Pobres corazones empieza con un movimiento parecido al que empujó a su protagonista Silvana Aguirre en la ¿precuela? Ninfas de otro mundo: ella no quería estar ahí, no eligió el caso, el caso la eligió a ella. En una zona de torres lujosas en la que el cemento y la gentrificación le ganan terreno a la ciudad, “frente al río, una vista robada y de postal”. Una denuncia de robo, “un simulacro de robo”, aclara la empleada doméstica que acusa nacionalidad chaqueña (sic) y dos empleadores: un abogado poderoso y una esposa que lo señala como su secuestrador.
El robo que era un simulacro termina en una denuncia de violencia de género y es la puerta de entrada a la historia. En paralelo y en la otra punta de la ciudad (en muchos sentidos), aparecerá un asesinato con marca mafiosa, una acusada autoinculpada, una curandera con dedo verde y un único testigo: un perro llamado Pajarito. Todavía no sabemos nada pero olemos narcotráfico.
Uno de los primeros diálogos que leemos da algunas pistas sobre Silvana Aguirre, su mundo y la relación con sus “colegas”:
–Mirá Aguirre: te llamé porque la sirvienta pidió por vos.
Escuchar sirvienta no hizo sino aumentar la cólera de Aguirre.

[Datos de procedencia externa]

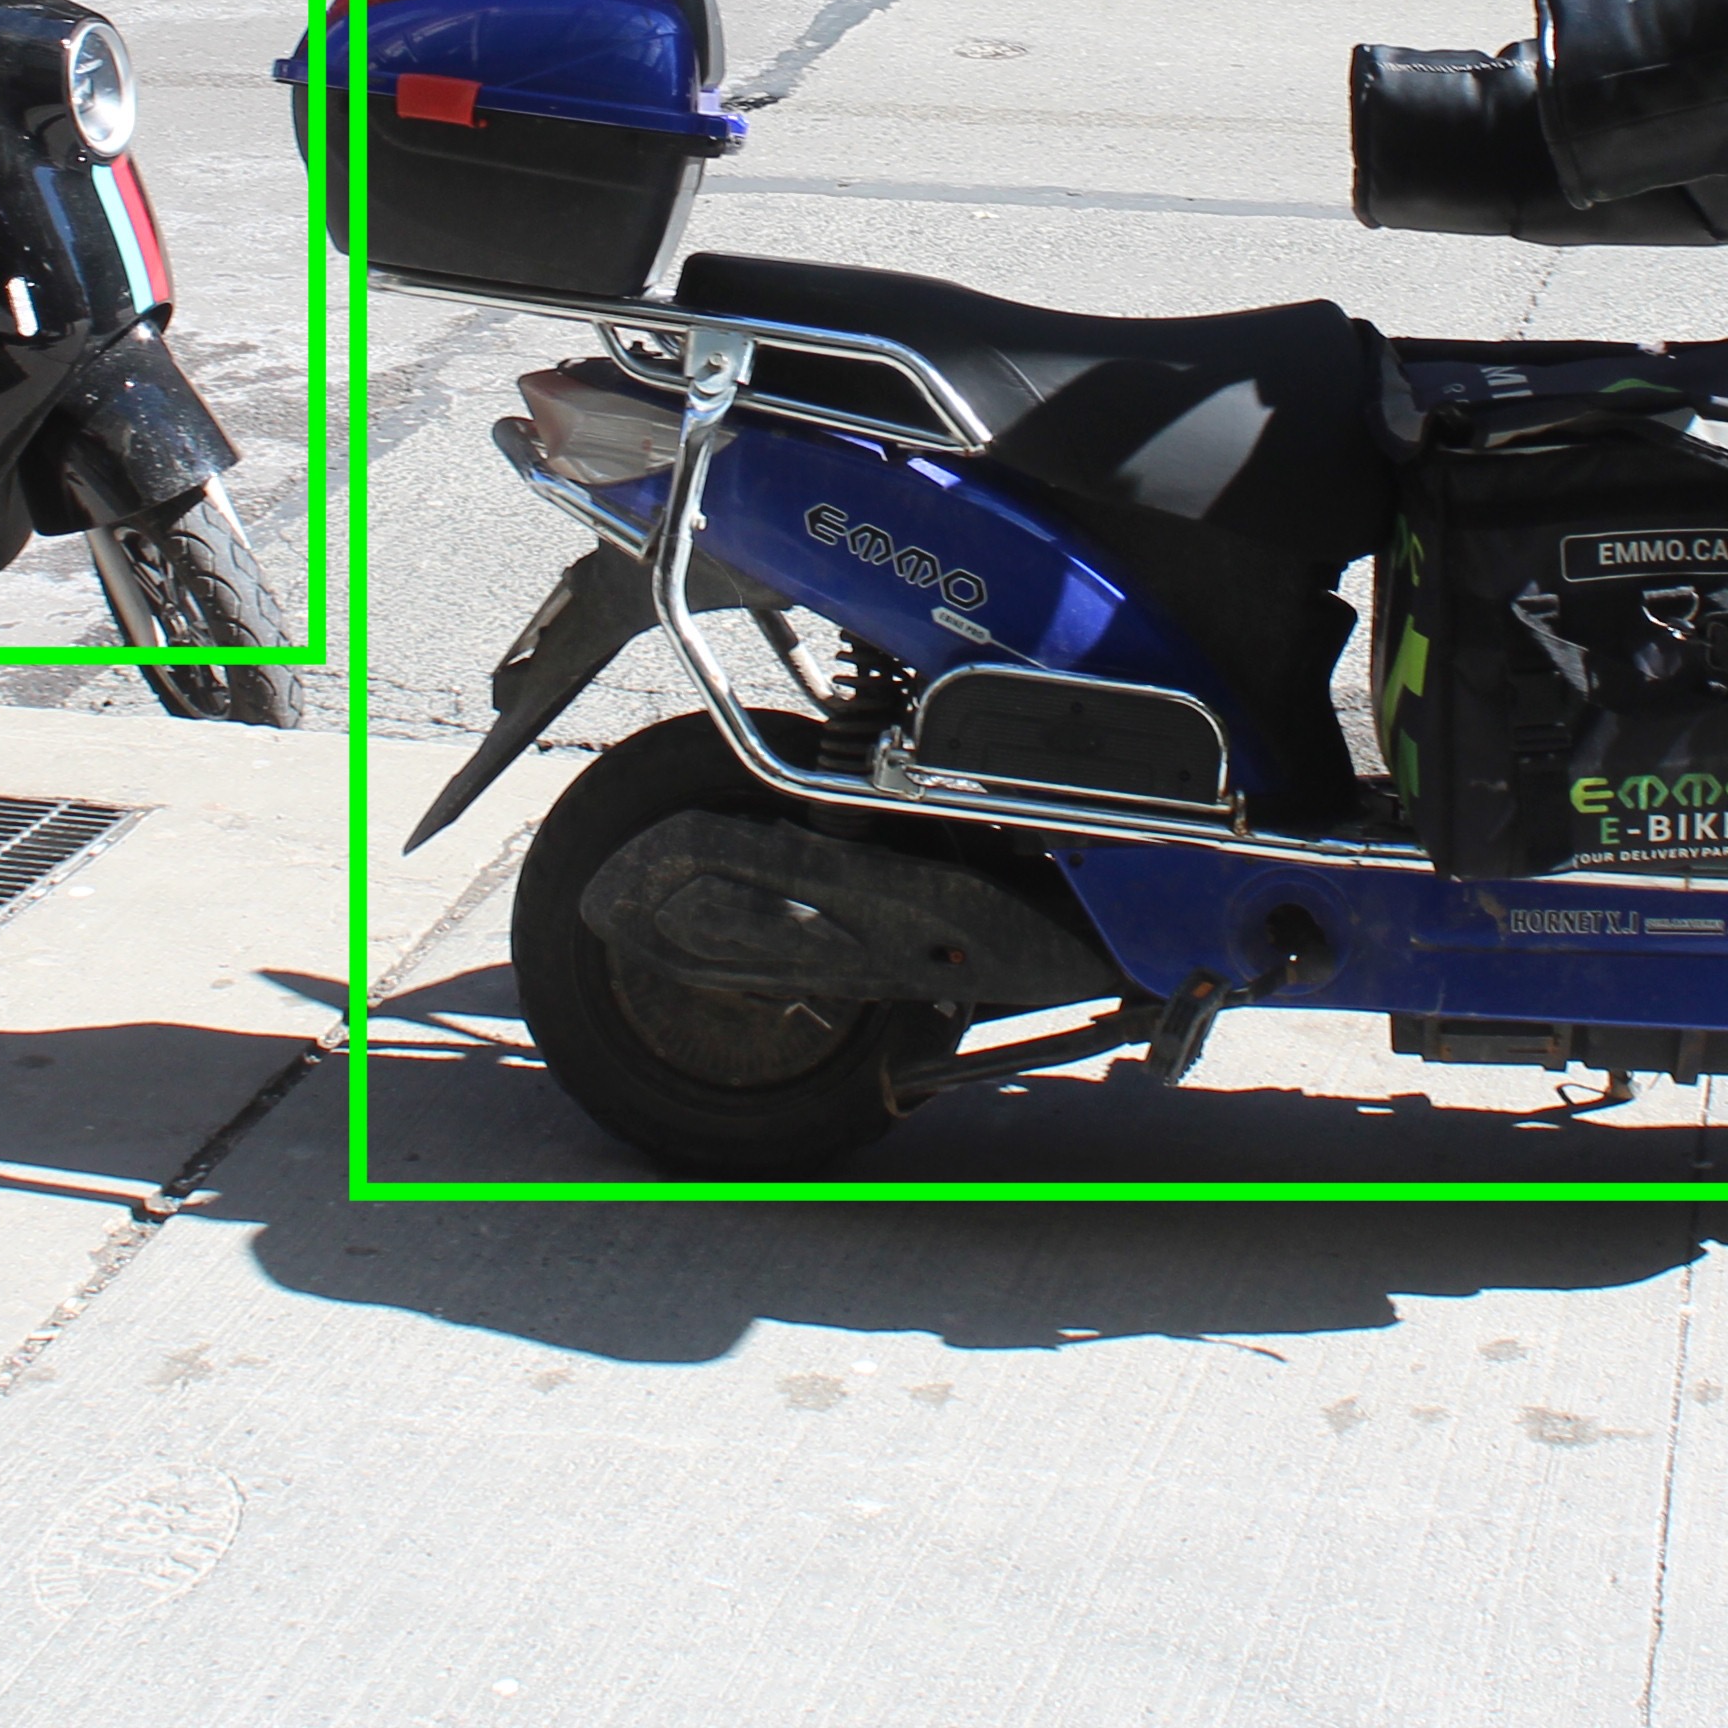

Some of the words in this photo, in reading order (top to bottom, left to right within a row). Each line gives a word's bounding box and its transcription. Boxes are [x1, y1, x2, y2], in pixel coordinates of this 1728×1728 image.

–A ver, Manco pelotudo –subió el tono de voz–, tampoco te enteraste de que estamos en el siglo veintiuno y que esa palabra quedó exactamente donde quedó tu reputación.
Una extraña entre nosotros
Silvana Aguirre trabaja en la Dirección Provincial de Análisis Criminal de Santa Fe. “Había llegado al puesto por un concurso abierto que ganó con una tesis dedicada a la intervención policial ante el delito de trata de personas”. Melina Torres sabe que tiene que darnos argumentos para ponernos del lado de Aguirre, porque Aguirre está en la fuerza. Por definición, no es fácil empatizar con ella y su autora sabe que tiene que darnos explicaciones, tiene que demostrarnos que está de nuestro lado. “Delitos Especiales era un departamento que se había creado para combatir la entrada del narcotráfico a la ciudad, pero meses atrás el mismo jefe del departamento había sido señalado como un eslabón importante de la venta de drogas en Rosario. Aguirre sabía que el departamento estaba sucio”.
Uno de los problemas a resolver por toda autora o autor de novela negra es quién investiga, quién será nuestro héroe o heroína. Al no existir la figura de detective privado o asociado como en otros países, el género se enfrenta una y otra vez a la disyuntiva. La escritora María Inés Krimer la explica así: “en Argentina la institución policial tiene tan poca credibilidad que para obtener información de la Policía tuve que inventarle a mi investigadora una empleada doméstica casada con un cabo” (en referencia a Ruth Epelbaum de Sangre kosher y Siliconas express). El Emilio Renzi de Ricardo Piglia se hizo periodista (igual que su amigo y compañero Junior), y desde su profesión investigaba asesinatos y misterios. Sergio Olguín también afilió al gremio periodístico a su Verónica Rosenthal, que trabaja en una revista de actualidad y de esa forma entra en el mundo del crimen.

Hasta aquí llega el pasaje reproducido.